Repeat every line of the listing below exactly, minus the pictures.

Provided records Start Marker

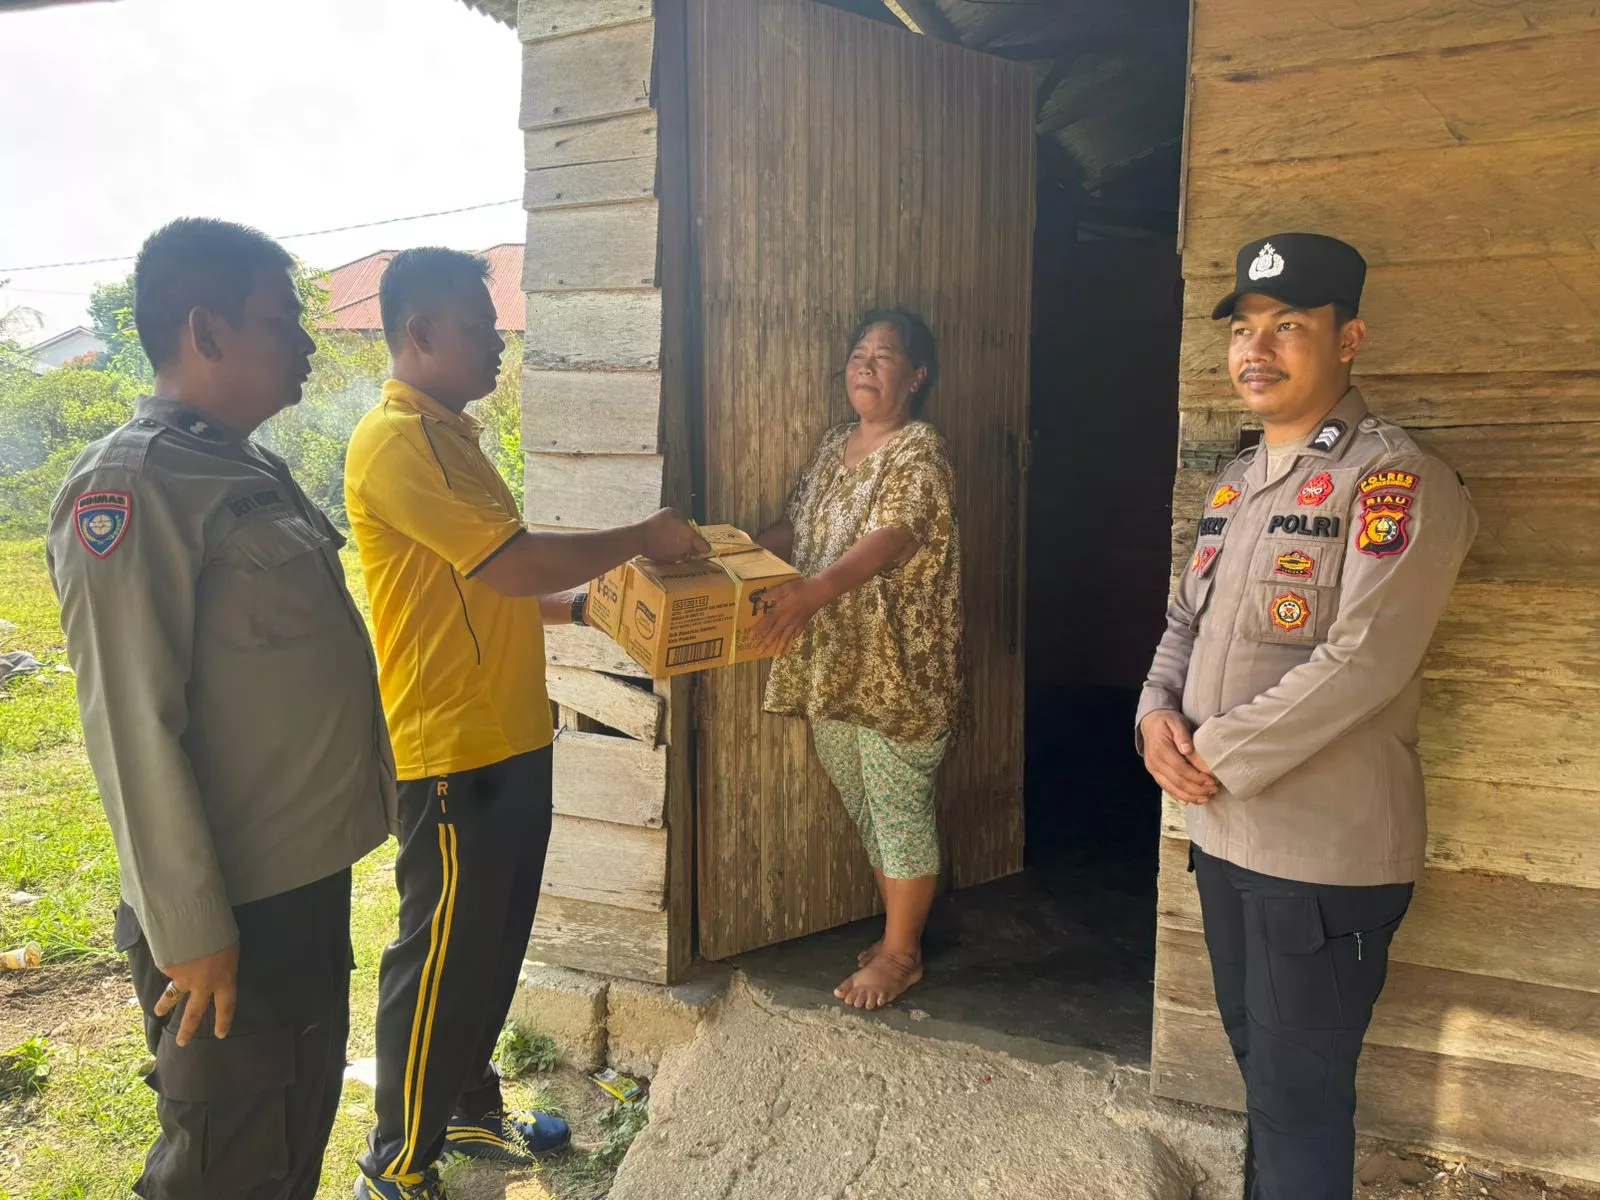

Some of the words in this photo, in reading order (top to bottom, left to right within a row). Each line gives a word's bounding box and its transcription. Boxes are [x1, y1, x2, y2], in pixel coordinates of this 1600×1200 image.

[1361, 472, 1414, 489] POLRES
[1366, 495, 1406, 505] RIAU
[1267, 514, 1341, 538] POLRI
[437, 775, 449, 814] RI

Provided records End Marker

▶ Reply to the exercise:
Some of the words in this photo, in reading order (top to bottom, left to right within a row). Each line gives a word's bounding box and its transcription. Boxes are [x1, y1, x2, y2], in pixel coordinates of this 1600×1200 image.

[1361, 472, 1414, 489] POLRES
[1366, 495, 1406, 505] RIAU
[1267, 514, 1341, 538] POLRI
[437, 775, 449, 814] RI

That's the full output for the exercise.